12/2008; 6(1):215 - 221. DOI: 10.1111/j.1743-6109.2008.01063.x
Introduction. Although genital pain and pelvic pain are common and well-documented problems in the early postpartum period, little is known about their course. The few published studies of such pain beyond 1 year postpartum have focused primarily on the perineum and have not assessed pain onset. Aim. To investigate the prevalence and characteristics of all types of genital and pelvic pain in the second year postpartum, and to explore risk factors for their persistence. Methods. Over a 6-month period, a questionnaire on genital/pelvic pain, sociodemographic and childbirth variables, breastfeeding, and chronic pain history was mailed to patients of the collaborating obstetrician at 12 months postpartum. Main Outcome Measures. The prevalence, characteristics, and correlates of persistent genital/pelvic pain with postpartum onset. Results. Almost half of the 114 participants (82% response rate; M = 14 months postpartum) reported a current (18%) or resolved (26%) episode of genital or pelvic pain lasting 3 or more months. Just under one in 10 (9%) mothers continued to experience pain that had begun after they last gave birth. This pain was described at various locations (e.g., vaginal opening and pelvic area), as moderate in intensity and unpleasantness, and most often as burning, cutting, or radiating. Although it was triggered by both sexual and nonsexual activities, none of the mothers affected were receiving treatment. Univariate analyses revealed that only past diagnosis with a nongenital chronic pain condition (e.g., migraine headache) was significantly correlated with (i) any history of chronic genital/pelvic pain or (ii) the persistence of pregnancy- or postpartum-onset genital or pelvic pain. Conclusions. Postpartum genital and pelvic pain persists for longer than a year for a significant percentage of mothers. Women with a history of other chronic pain appear to be particularly vulnerable to developing persistent genital or pelvic pain.
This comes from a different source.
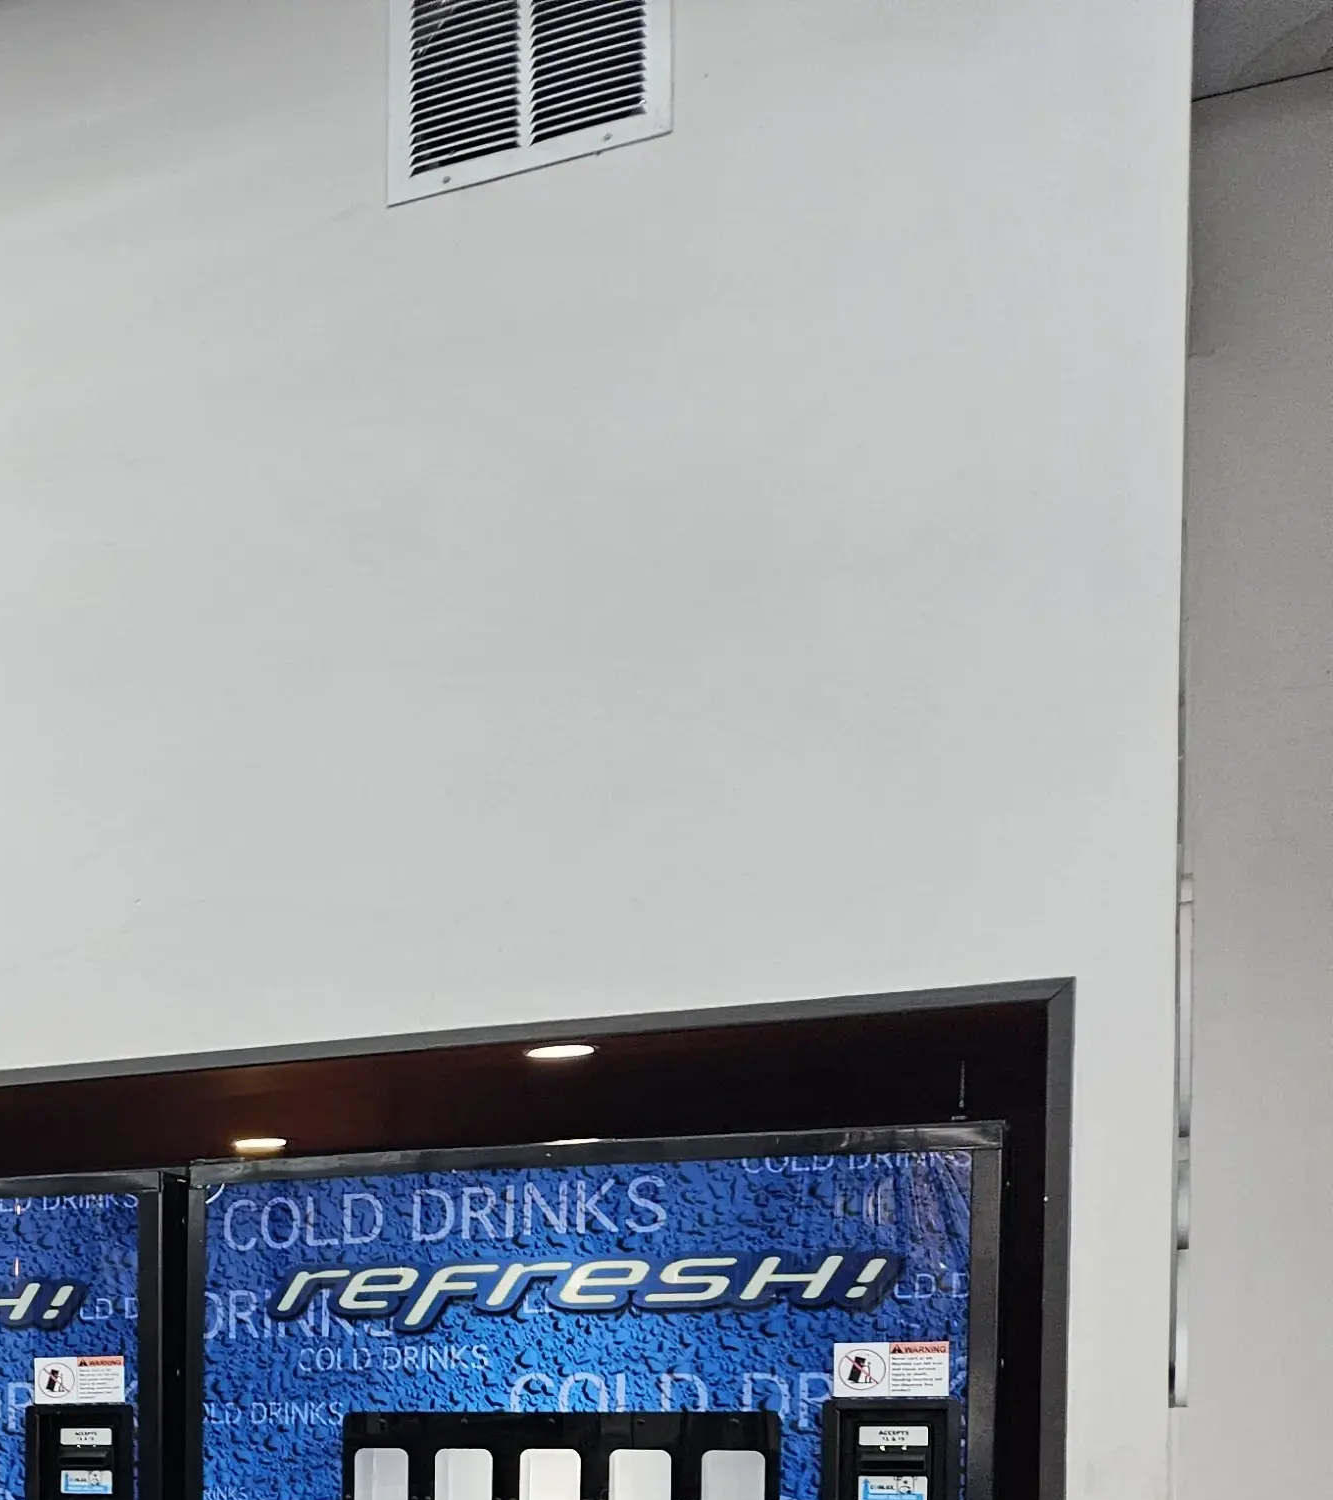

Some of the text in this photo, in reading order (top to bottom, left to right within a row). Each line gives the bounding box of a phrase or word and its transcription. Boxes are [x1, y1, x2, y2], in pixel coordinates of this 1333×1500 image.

Available from: Liora Kempler
- "During the first few days after childbirth, the breasts begin to produce milk, which is new and often uncomfortable. Genital, pelvic  and back pain  are also common after childbirth, which is known to further disturb sleep . In addition to the physical changes, lifestyle changes and parenting responsibilities also contribute to the potential for sleep disruption. "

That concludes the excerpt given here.